The projects and the process
Presiding Judge Anne Elizabeth Barnes, Georgia Court of Appeals. (Photo: John Disney / ALM)
According to the court document, the bonds in the lawsuit relate to the following four Fulton projects: $ 88.5 million for an apartment building and $ 115 million for a mixed-use facility).
According to the agency’s lease agreement for the bonds, each project would be exempt from any value tax for 10 years, during which time only the leasehold shares of the development project companies would be subject to taxation.
Through letters of intent, the percentage of the value taxed each year on the completed projects would start at 50% of the market value in the first year and increase to 95% in the 10th year. After the lease expired, companies could purchase their projects for $ 10 each as long as they kept the terms of the lease.
According to the court document, the higher court found on 11 counts that the agency did not break the law or break the guidelines when issuing bonds to the four projects.
Judgment of the Court of Appeal
Presiding Judge M. Yvette Miller, Georgia Court of Appeals. (Photo: John Disney / ALM)
Before the Court of Appeal, a three-person panel made up of Presiding Judges Anne Elizabeth Barnes and Yvette Miller, and Judge Elizabeth Gobeil, decided on the case.
In her opinion, Gobeil, quoting the High Court’s decision, stated that the panel supported the Lower Court, writing, “Hence there is evidence that the ‘bond issuance proposal is sound, workable and reasonable’ and in the face of ‘any evidence’. Standard, the findings of the higher court regarding validity, feasibility and appropriateness must be confirmed in the appeal process[.]’“
Gobeil also wrote: “According to Bene, the High Court placed the burden of proof on him for all actual matters, and this shift of burden was a mistake. We disagree with Benes’s characterization of this problem and cannot find any errors. “
Cary Ichter, Ichter & Davis, Atlanta. (Courtesy photo)
Cary Ichter, partner of Ichter Davis in Atlanta, and Sandy Zayac and Henry Chalmers, partner of Arnold Golden Gregory in Atlanta, took authority on the case. Ichter said the statutes of the state were on his side.

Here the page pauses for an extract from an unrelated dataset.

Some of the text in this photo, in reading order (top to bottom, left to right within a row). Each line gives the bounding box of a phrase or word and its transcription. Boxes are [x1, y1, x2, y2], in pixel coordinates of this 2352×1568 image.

“The law is quite strict on these development bond transactions,” he said, referring to the Georgian Development Agency law. “It basically says that any conflicting laws that have been passed by the legislature and are inconsistent with this law will be subject to this law. It will rule them. It is indicative of the great importance that the legislature has attached to developments in Georgia. This is one of the reasons Georgia is one of the best places to do business today. ”
On the appeal court’s decision, Ichter added, “I think it’s a great decision. The court did exactly what the law should have done it. As a consequence, tax revenues will increase significantly in the future. There will be development projects worth $ 333.5 million and thousands of jobs will result. “
Discussed tax breaks
He defended the agency’s policy of tax-deducting new development projects, saying this helped bring many businesses to the county.

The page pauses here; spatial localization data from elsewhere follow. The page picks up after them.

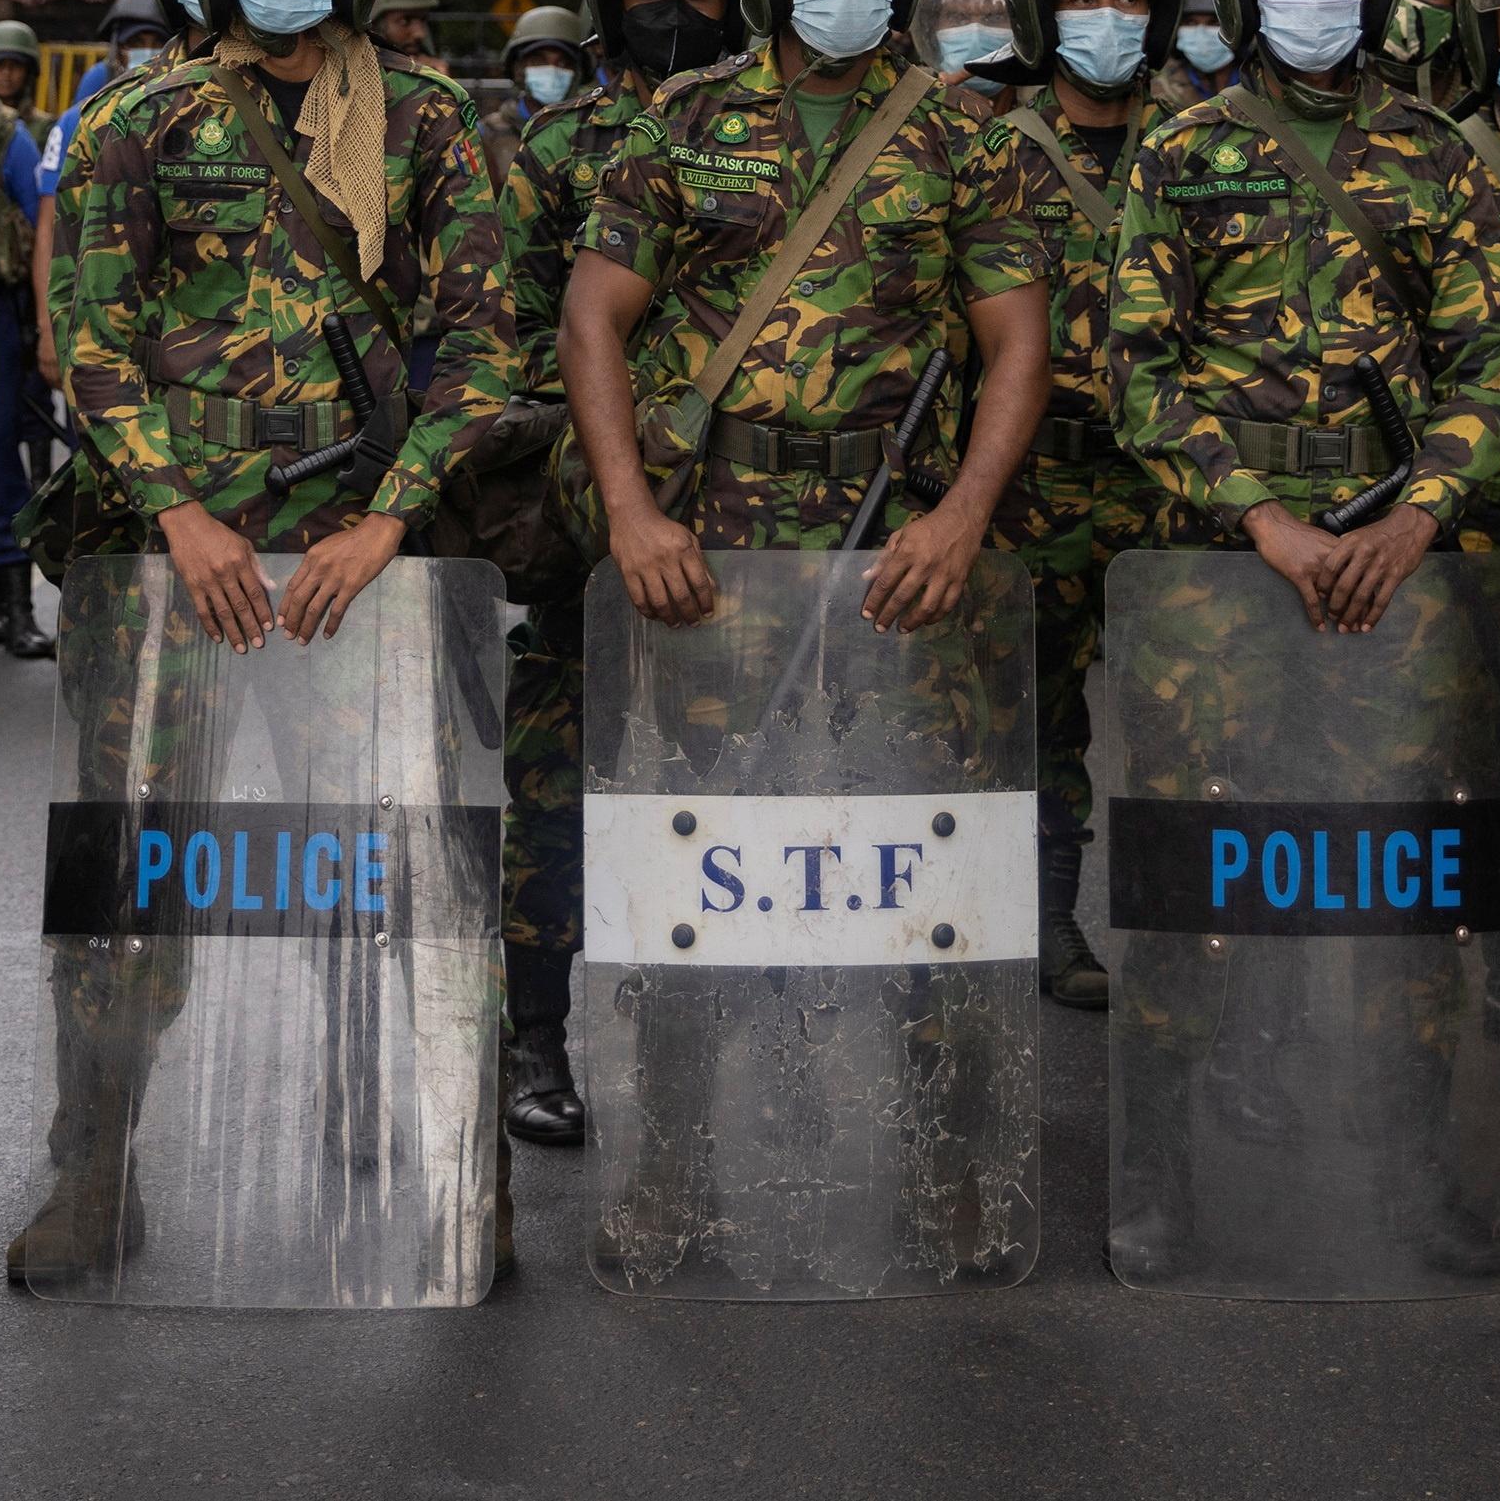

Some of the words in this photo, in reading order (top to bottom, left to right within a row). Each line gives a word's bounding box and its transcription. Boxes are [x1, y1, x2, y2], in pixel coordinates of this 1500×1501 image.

[156, 164, 192, 177] SPECIAL
[198, 164, 226, 178] TASK
[231, 166, 266, 179] FORCE
[670, 145, 712, 166] SPECIAL
[714, 155, 743, 172] TASK
[1166, 183, 1215, 198] SPECIAL
[1215, 180, 1243, 193] TASK
[1246, 179, 1286, 192] FORCE
[1034, 204, 1068, 217] FORCE
[137, 829, 389, 911] POLICE
[701, 842, 923, 914] S.T.F
[1212, 828, 1461, 910] POLICE

“Business development is a competitive sport. It’s also a full contact sport, ”said Ichter.
He pointed to recent news that Gilead Sciences Inc., a California-based pharmaceutical company, has decided to relocate its headquarters to Raleigh, North Carolina, which offers $ 12 million in tax breaks, rather than Atlanta, which just does Proposed $ 7 million.
“If the cost of doing business is higher here, companies will go elsewhere,” said Ichter.

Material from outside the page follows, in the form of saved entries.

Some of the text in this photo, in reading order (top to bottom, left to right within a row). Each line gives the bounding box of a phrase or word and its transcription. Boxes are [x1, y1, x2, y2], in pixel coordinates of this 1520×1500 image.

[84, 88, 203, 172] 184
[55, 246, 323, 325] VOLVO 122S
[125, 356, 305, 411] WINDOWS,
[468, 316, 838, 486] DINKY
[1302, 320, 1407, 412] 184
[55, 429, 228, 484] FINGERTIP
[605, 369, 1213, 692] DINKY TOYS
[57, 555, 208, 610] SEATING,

Woodham said the fact that all but one of the four projects, with the exception of the hotel, were under construction even after the lawsuit and tax breaks were frozen means they didn’t need breaks and proves they were illegal.
“But the story from the developers and the development agency is that these projects cannot move forward without this tax incentive,” said Woodham. “What we do know is that after these cases were appealed, they [the projects] went forward. From a lending perspective, lenders do not close or fund multi-million dollar home construction loans for projects that are financially unsustainable without a tax break that is not yet in effect. The lender’s actuarial decision to close and finance these acquisition and construction loans without the applicable tax breaks proves without question that these were not needed, which objectively shows that the loan proposals for three projects are unconstitutional. So we will at least try to resolve these three obviously illegal things.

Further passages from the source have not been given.